# Web Scraping of Portuguese News

## Tools

In [9]:
#Import modules
import os
import requests
import pandas as pd
from bs4 import BeautifulSoup
from datetime import datetime
import openpyxl
import json

#Load the configuration from a config.json
with open("config.json", "r") as config_file:
    config = json.load(config_file)

#Determine the base directory path based on the environment
if os.getenv("GITHUB_ACTIONS"):
    repo_name = "Analysis-of-Portuguese-news"
    base_dir = os.path.abspath(os.path.join(os.getcwd(), "../..", repo_name))
else:
    base_dir = config["dir"]

#Define the filename to save to
filename = os.path.join(base_dir, config["data"]["news"])

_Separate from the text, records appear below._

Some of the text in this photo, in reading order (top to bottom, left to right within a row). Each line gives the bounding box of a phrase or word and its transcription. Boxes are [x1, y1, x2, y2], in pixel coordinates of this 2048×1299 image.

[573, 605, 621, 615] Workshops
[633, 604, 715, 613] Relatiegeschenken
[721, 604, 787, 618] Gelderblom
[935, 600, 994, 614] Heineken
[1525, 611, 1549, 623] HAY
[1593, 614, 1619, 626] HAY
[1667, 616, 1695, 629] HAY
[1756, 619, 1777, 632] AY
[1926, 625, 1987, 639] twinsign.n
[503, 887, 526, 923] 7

#Ensure the Data directory exists
data_dir = os.path.dirname(filename)
os.makedirs(data_dir, exist_ok=True)

print(f"Saving to {filename}")

Saving to /Users/freitas/Desktop/Projetos/Analysis-of-Portuguese-news/Data/news.xlsx


## Web Scraping

### URL extraction

In [10]:
# User-agent string as good practice
headers = {
    "User-Agent": "Mozilla/5.0 (Windows NT 10.0; Win64; x64) AppleWebKit/537.36 (KHTML, like Gecko) Chrome/88.0.4324.190 Safari/537.36",
    "From": "miguel_freitas_12@hotmail.com"
}

#Extracting today's date into string
good_morning = datetime.now().strftime("%Y-%m-%d")

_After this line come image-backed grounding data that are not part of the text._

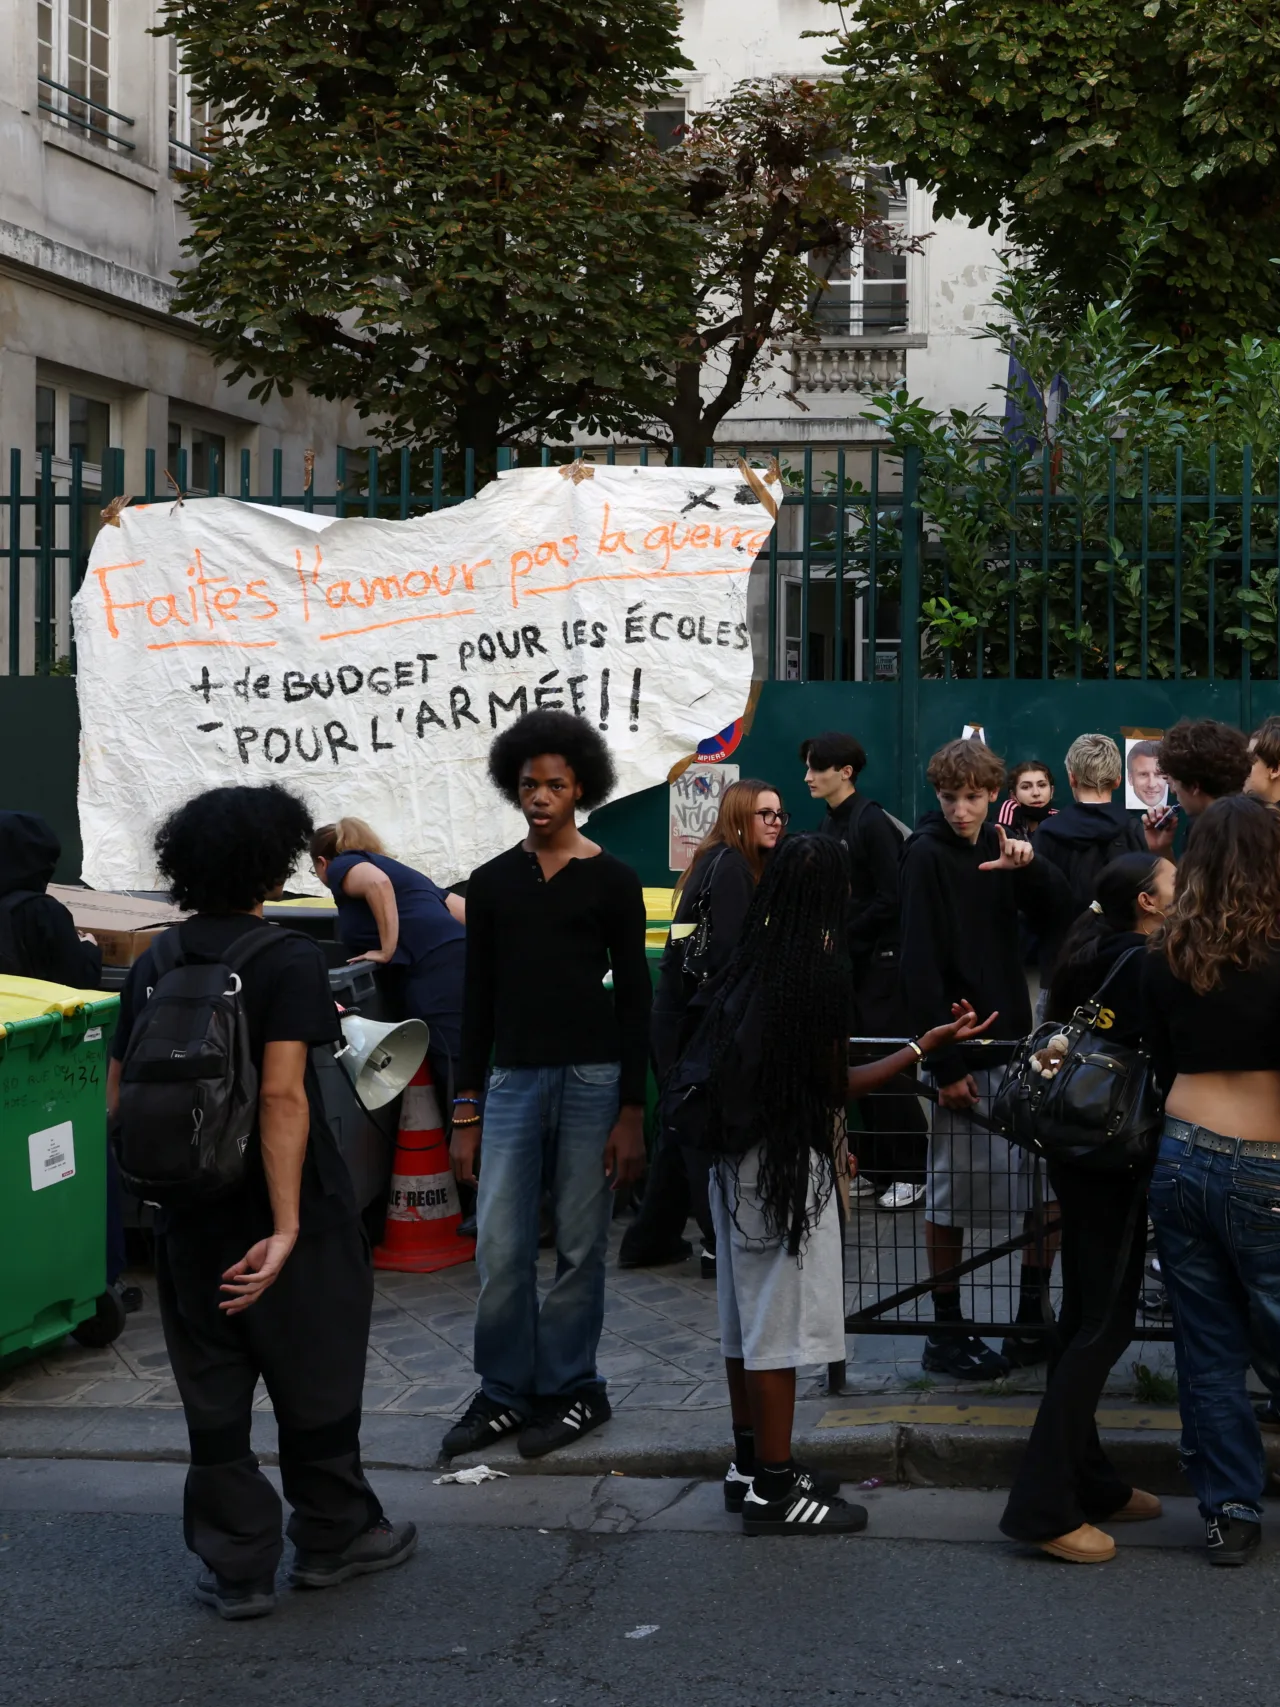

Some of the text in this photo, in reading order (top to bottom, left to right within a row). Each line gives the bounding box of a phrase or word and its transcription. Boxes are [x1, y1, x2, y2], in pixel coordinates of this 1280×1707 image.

[93, 548, 278, 638] Faites
[296, 545, 491, 621] l'amour
[511, 535, 579, 608] pas
[597, 502, 633, 556] la
[234, 665, 270, 703] de
[284, 653, 440, 703] BUDGET
[459, 625, 548, 672] POUR
[562, 620, 608, 650] LES
[625, 600, 748, 650] ÉCOLES
[234, 720, 359, 765] POUR
[698, 752, 726, 761] MPIERS

#The base URL of the news site
base_url = "https://sicnoticias.pt"

#Endpoint of the specific section
section_endpoint = ""

#Combine the base URL with the endpoint of the section
url = base_url + section_endpoint

#Send a GET request to the URL
response = requests.get(url, headers=headers)

#Saving all full_urls in list form
full_urls = []

#Check if the request was successful
if response.status_code == 200:
    
    # Parse the content with BeautifulSoup
    soup = BeautifulSoup(response.content, "html.parser")

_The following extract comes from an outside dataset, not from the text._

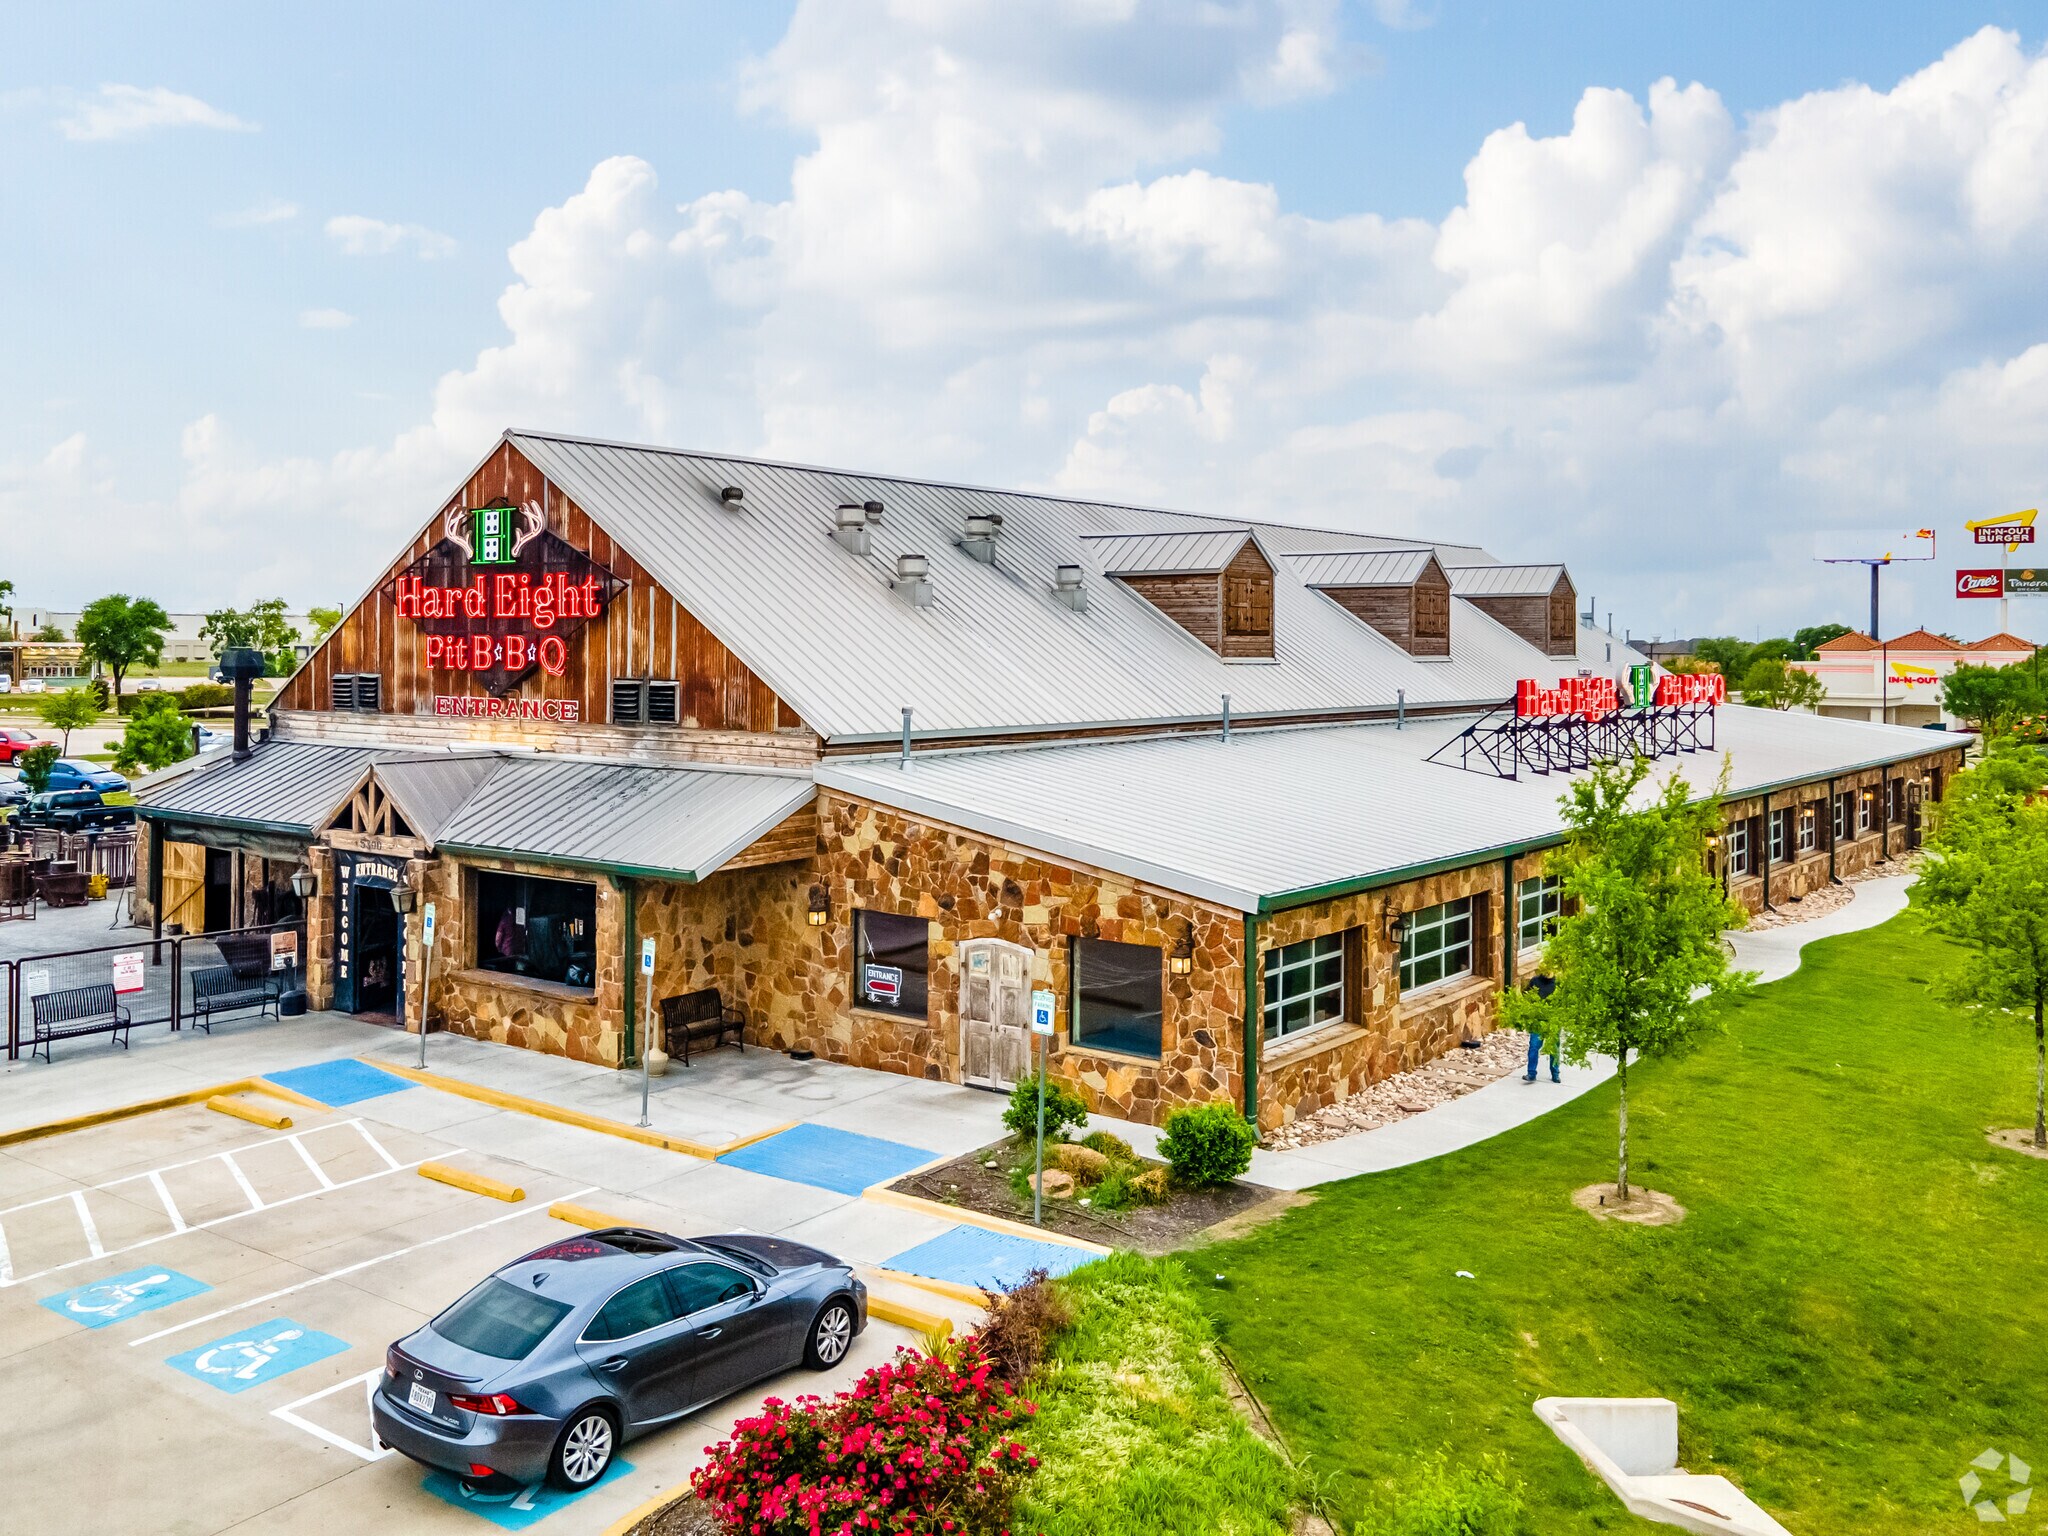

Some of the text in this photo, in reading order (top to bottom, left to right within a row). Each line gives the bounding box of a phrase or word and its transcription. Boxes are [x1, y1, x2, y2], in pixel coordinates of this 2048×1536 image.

    #Find all the article lists on the page
    article_lists = soup.find_all("ul", class_="list-articles")

    #Find all <a> tags within this list
    for article_list in article_lists:
        article_links = article_list.find_all("a", href=True)
        
        #Extract all links inside <a> tags
        for link in article_links:
            href = link.get("href")
            
            #Append to the base URL if the href is a relative URL
            full_url = base_url + href if href.startswith("/") else href
            full_urls.append(full_url)

else:
    print(f"Failed to retrieve content: Status code {response.status_code}")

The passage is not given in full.